╭──

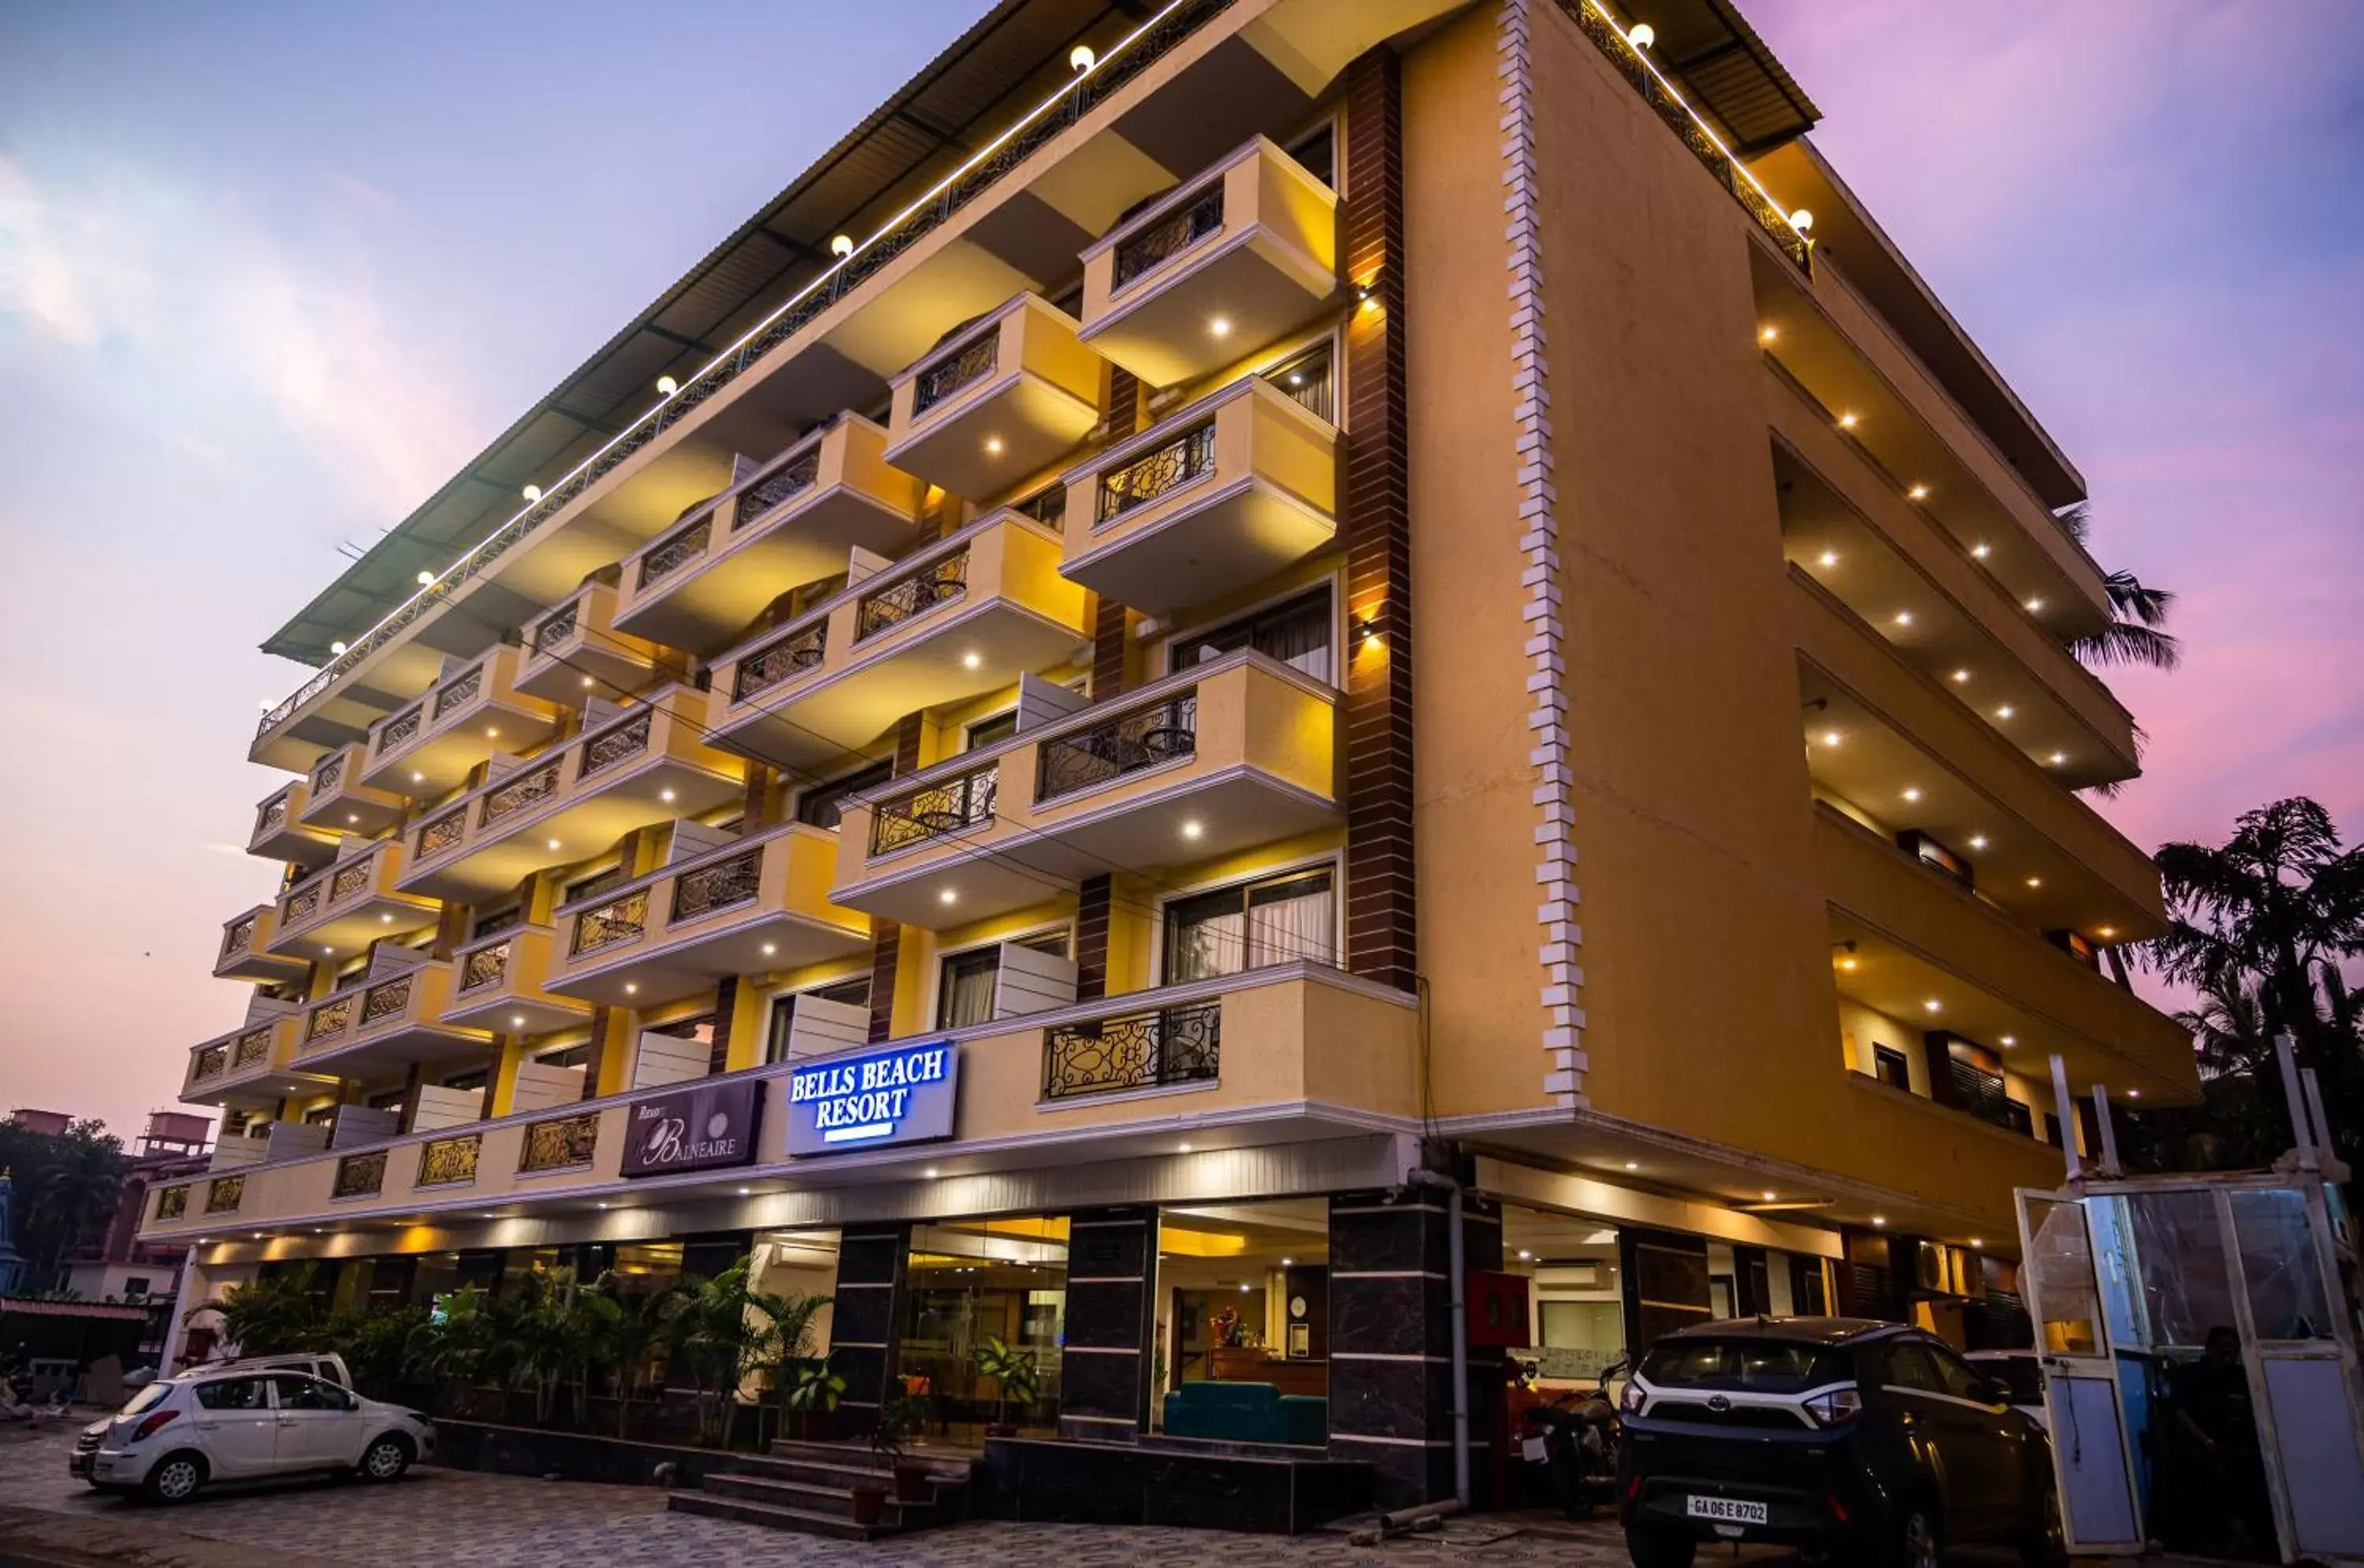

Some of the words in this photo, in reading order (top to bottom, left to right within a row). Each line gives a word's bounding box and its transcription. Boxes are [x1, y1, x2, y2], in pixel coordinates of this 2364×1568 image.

[790, 1066, 856, 1102] BELLS
[861, 1050, 943, 1091] BEACH
[815, 1088, 907, 1128] RESORT
[1695, 1499, 1708, 1514] GA
[1711, 1501, 1725, 1516] 06
[1735, 1503, 1764, 1520] 8702

╰──

EXERCISE GOAL
Write out the material above once more, exactly as it reads, with no pictures.

REPLY
Some of the words in this photo, in reading order (top to bottom, left to right within a row). Each line gives a word's bounding box and its transcription. Boxes are [x1, y1, x2, y2], in pixel coordinates of this 2364×1568 image.

[790, 1066, 856, 1102] BELLS
[861, 1050, 943, 1091] BEACH
[815, 1088, 907, 1128] RESORT
[1695, 1499, 1708, 1514] GA
[1711, 1501, 1725, 1516] 06
[1735, 1503, 1764, 1520] 8702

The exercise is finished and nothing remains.